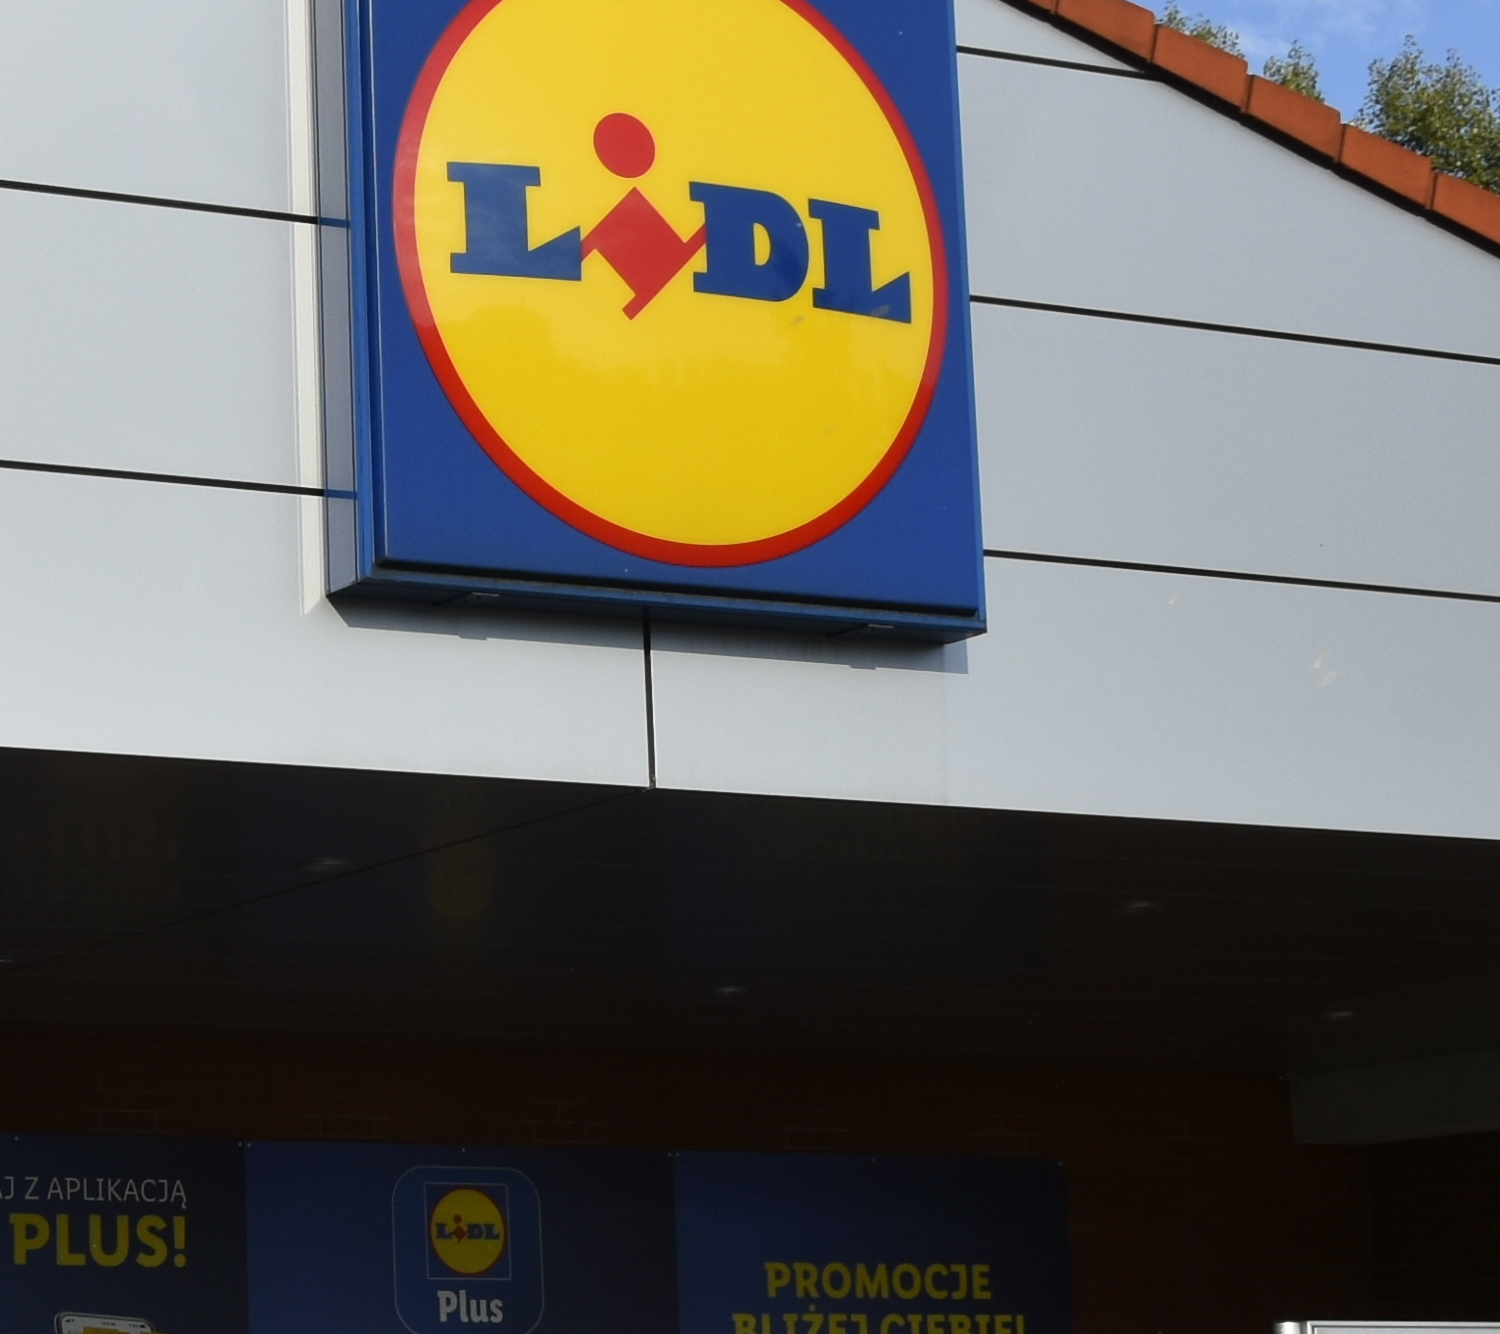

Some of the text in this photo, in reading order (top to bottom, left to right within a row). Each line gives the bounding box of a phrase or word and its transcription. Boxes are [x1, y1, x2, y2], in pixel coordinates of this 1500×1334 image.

[446, 112, 912, 325] LIDL
[24, 1177, 39, 1200] Z
[46, 1178, 187, 1209] APLIKACJĄ
[8, 1212, 187, 1268] PLUS!
[435, 1214, 500, 1243] LIDL
[764, 1261, 991, 1299] PROMOCJE
[437, 1289, 504, 1323] Plus

# AIM OF THE TASK:
Output all the material above exactly once more, leaving every picture out.

# ANSWER FOR THE TASK:
Some of the text in this photo, in reading order (top to bottom, left to right within a row). Each line gives the bounding box of a phrase or word and its transcription. Boxes are [x1, y1, x2, y2], in pixel coordinates of this 1500×1334 image.

[446, 112, 912, 325] LIDL
[24, 1177, 39, 1200] Z
[46, 1178, 187, 1209] APLIKACJĄ
[8, 1212, 187, 1268] PLUS!
[435, 1214, 500, 1243] LIDL
[764, 1261, 991, 1299] PROMOCJE
[437, 1289, 504, 1323] Plus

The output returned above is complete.